É um pouco esse o medo que nos invade com a internet hoje, apesar de que é preciso olhar com otimismo o novo mundo virtual, como uma “versão total do sonho alexandrino”. Há um componente emocional e de proteção nos livros: “Nos momentos de catástrofe, a gente segue procurando os livros. A nossa tendência é pensar que a cultura é algo ornamental para tempos de prosperidade. Mas, nas cavernas, afugentavam o medo, a escuridão e os depredadores com histórias. Junto ao calor do fogo acharam as palavras, que é outra forma de proteção”, afirma Irene Vallejo. Graças à escrita difundida, uma ideia não morre, volta a crescer e se fortalece em outras pessoas e sociedades. O livro nos tirou da escuridão e da escravidão do atraso, para projetar luz e liberdade para a humanidade.

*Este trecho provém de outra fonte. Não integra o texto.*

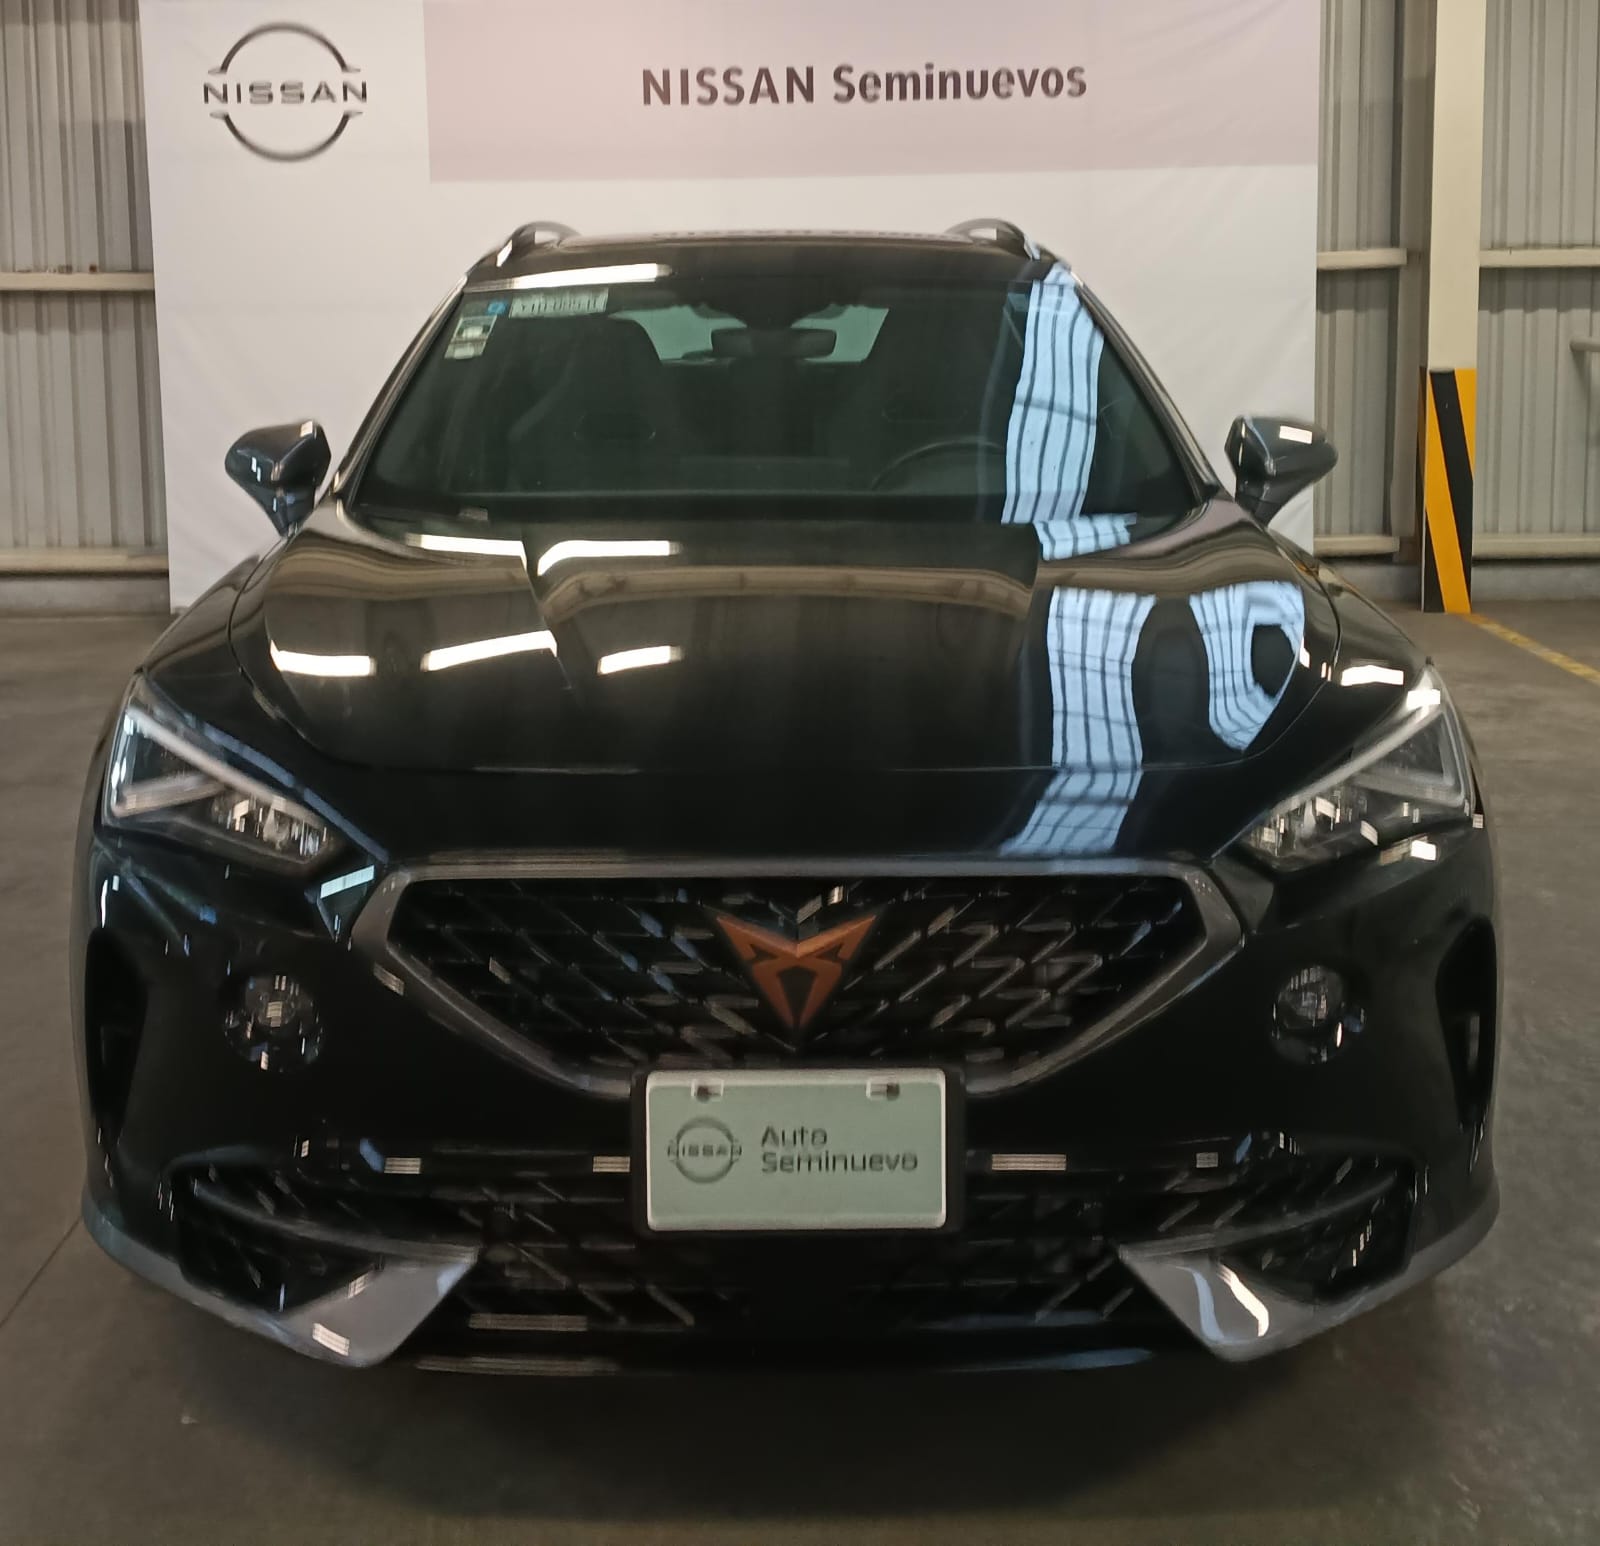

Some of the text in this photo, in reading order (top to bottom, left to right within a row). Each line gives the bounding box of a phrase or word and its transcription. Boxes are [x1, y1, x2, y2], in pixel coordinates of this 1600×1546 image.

Perguntada, numa recente entrevista, sobre quais lições podemos extrair dos autores clássicos, nesse mundo pós-pandemia, Vallejo respondeu: “Existe um fantasma que percorre o nosso tempo, o do olhar a curto prazo, que não nos permite contemplar com mais perspectiva nossas vidas e o futuro. Os clássicos nos ajudam a sair da cacofonia do momentâneo, convidam a refletir, à calma e a olhar a realidade desde outros ângulos”. O imediatismo não é um bom conselheiro!
Podemos concluir, então, que o livro é um refúgio que convida ao autoconhecimento, passo inicial para a possibilidade de entendimento do mundo, e a construção de liberdade. Nele se concentram o passado, o presente e o futuro, suas relações e a possibilidade de sonhos e projetos pessoais e sociais que nos impulsionam para o além. A leitura de bons livros, além de promover os óbvios ganhos de ortografia, aumento de vocabulário, compreensão e interpretação de textos, auxilia também nas melhorias emocionais do leitor, expandindo a empatia, fortalecendo o autoconhecimento e ajudando na compreensão de outras realidades, além de melhorar a concentração e uma perspectiva nova, desde o silêncio e o pensamento autônomo.
É fundamental que essa história de luz e liberdade do livro continue em frente e sobreviva, apesar das ameaças. E o papel de educadores, famílias, escolas e universidades, meios de comunicação, enfim de todos nós, é imprescindível!